Points and Vectors

Points and vectors may be entered via Input Bar in Cartesian or polar coordinates (see Numbers and Angles). Points can also be created using Mode point.svg Point tools and vectors can be created using the Mode vectorfrompoint.svg Vector from Point Tool or the Mode vector.svg Vector Tool and a variety of commands.

Upper case labels denote points, whereas lower case labels refer to vectors. This convention is not mandatory.

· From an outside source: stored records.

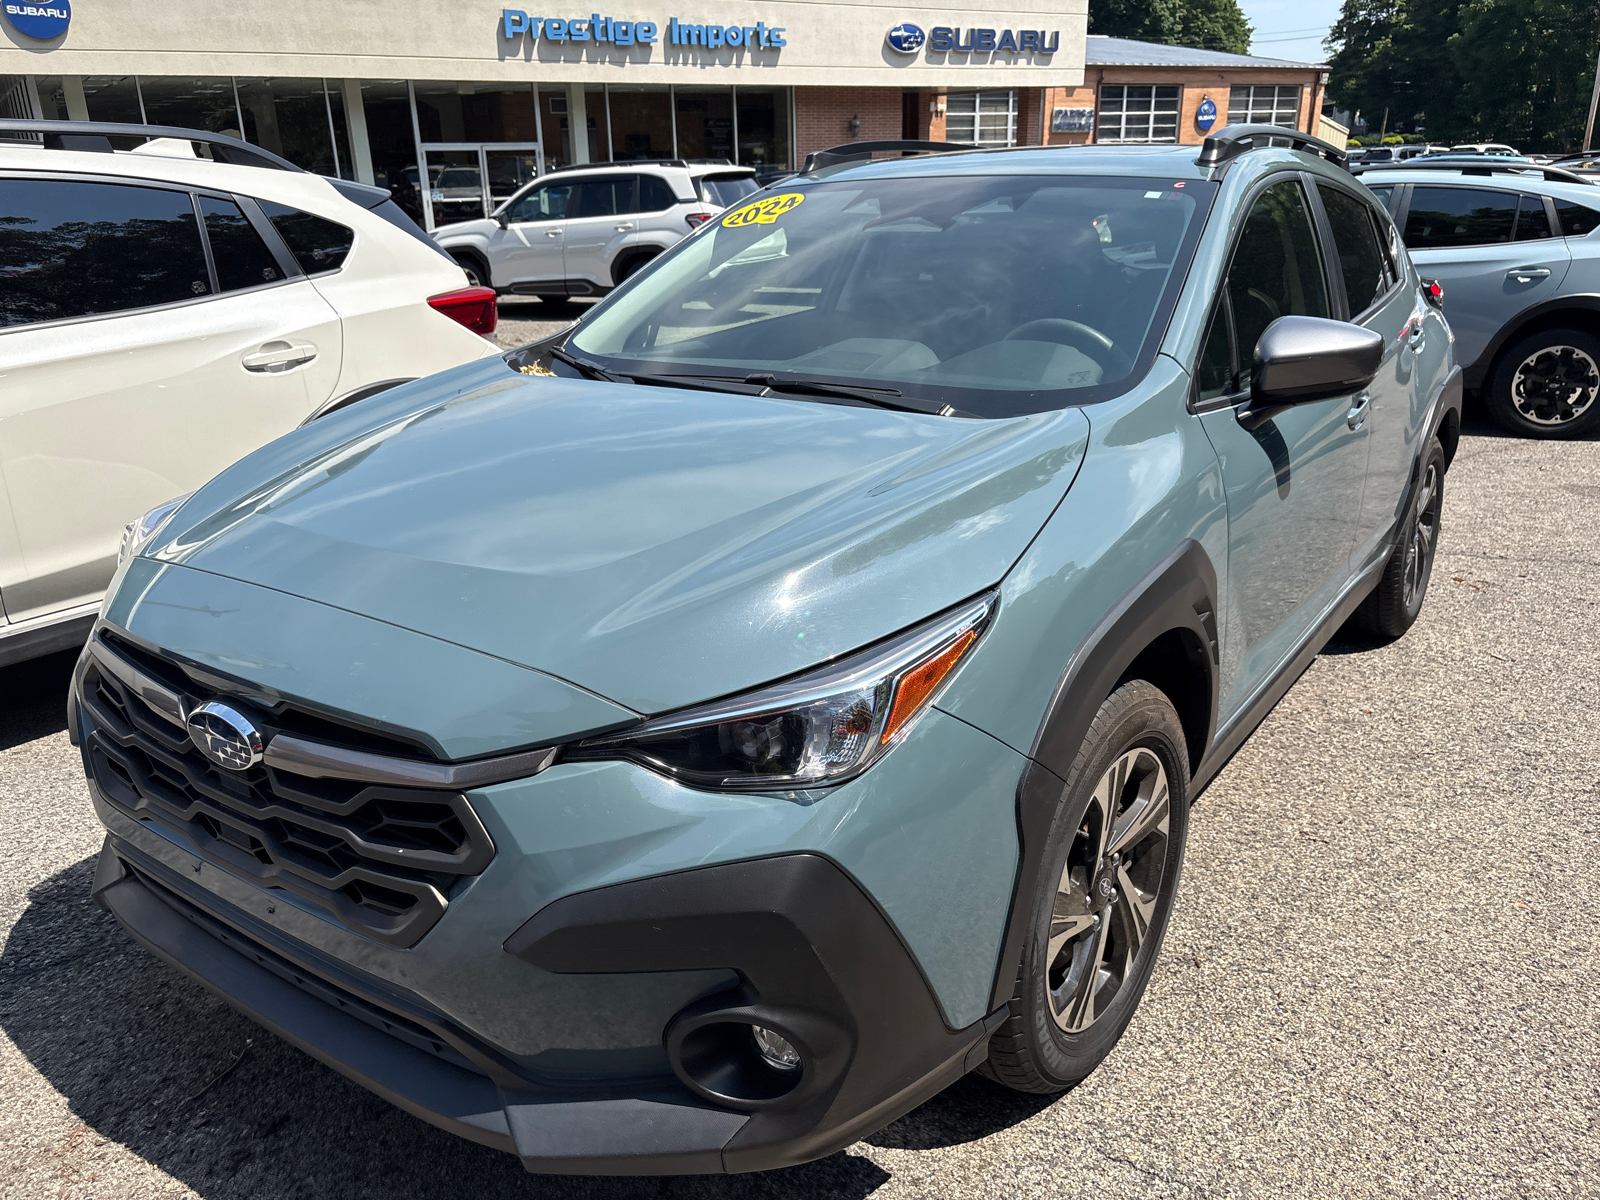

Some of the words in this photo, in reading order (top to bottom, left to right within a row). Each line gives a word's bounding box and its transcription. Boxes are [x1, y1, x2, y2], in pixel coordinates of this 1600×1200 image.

[6, 5, 67, 18] SUBARU
[502, 9, 658, 46] Prestige
[670, 17, 787, 48] Imports
[931, 26, 1059, 52] SUBARU
[727, 196, 800, 225] 2024

  • To enter a point P or a vector v in 2D in Cartesian coordinates you may use P = (1, 0) or v = (0, 5).

  • To enter a point P or a vector v in 3D in Cartesian coordinates you may use P = (1, 0, 2) or v = (0, 5, -1).

  • To enter a point P in 2D in polar coordinates, you may use P = (1; 0°) or v = (5; 90°).

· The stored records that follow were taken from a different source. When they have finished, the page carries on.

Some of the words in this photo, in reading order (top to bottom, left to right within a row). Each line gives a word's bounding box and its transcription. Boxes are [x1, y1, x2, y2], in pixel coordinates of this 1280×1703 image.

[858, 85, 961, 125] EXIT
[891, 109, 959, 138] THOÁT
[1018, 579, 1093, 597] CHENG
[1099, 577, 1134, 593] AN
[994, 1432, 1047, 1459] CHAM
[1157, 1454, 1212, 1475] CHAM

  • To enter a point P in 3D in spherical coordinates, enter three coordinates of the type (ρ, θ, φ) like e.g. P = (1; 60°; 30°).

  • To enter a point in the Menu view spreadsheet.svg Spreadsheet View, name it using its cell address, e.g.: A2 = (1, 0)

  • You need to use a semicolon to separate polar coordinates. If you don’t type the degree symbol, GeoGebra will treat the angle as if entered in radians

  • Coordinates of points and vectors can be accessed using predefined functions x() and y() (and z() for 3D points).

  • Polar coordinates of point Q can be obtained using abs(Q) and arg(Q) (and also alt(Q) for 3D points).

  • If P=(1,2) is a point and v=(3,4) is a vector, x(P) returns 1 and y(v) returns 4.

  • abs(P) returns 2.24 and arg(P) returns 26.57°.

Calculations

In GeoGebra, you can also do calculations with points and vectors.

  • You can create the midpoint M of two points A and B by entering M = (A + B) / 2 into the Input Bar.

  • You may calculate the length of a vector v using length = sqrt(v * v) or length = Length(v)

  • You can get the coordinates of the starting and terminal point of a vector v using the commands Point(v, 0) and Point(v, 1) respectively.

  • If A = (a, b), then A + 1 returns (a + 1, b + 1). If A is a complex number a+bί, then A+1 returns a + 1 + bί.

Vector Product

Let (a, b) and (c, d) be two points or vectors. Then (a, b) ⊗ (c, d) returns the z-coordinate of vector product (a, b, 0) ⊗ (c, d, 0) as single number.

Similar syntax is valid for lists, but the result in such case is a list.

  • {1, 2} ⊗ {4, 5} returns {0, 0, -3}

  • {1, 2, 3} ⊗ {4, 5, 6} returns {3, 6, -3}.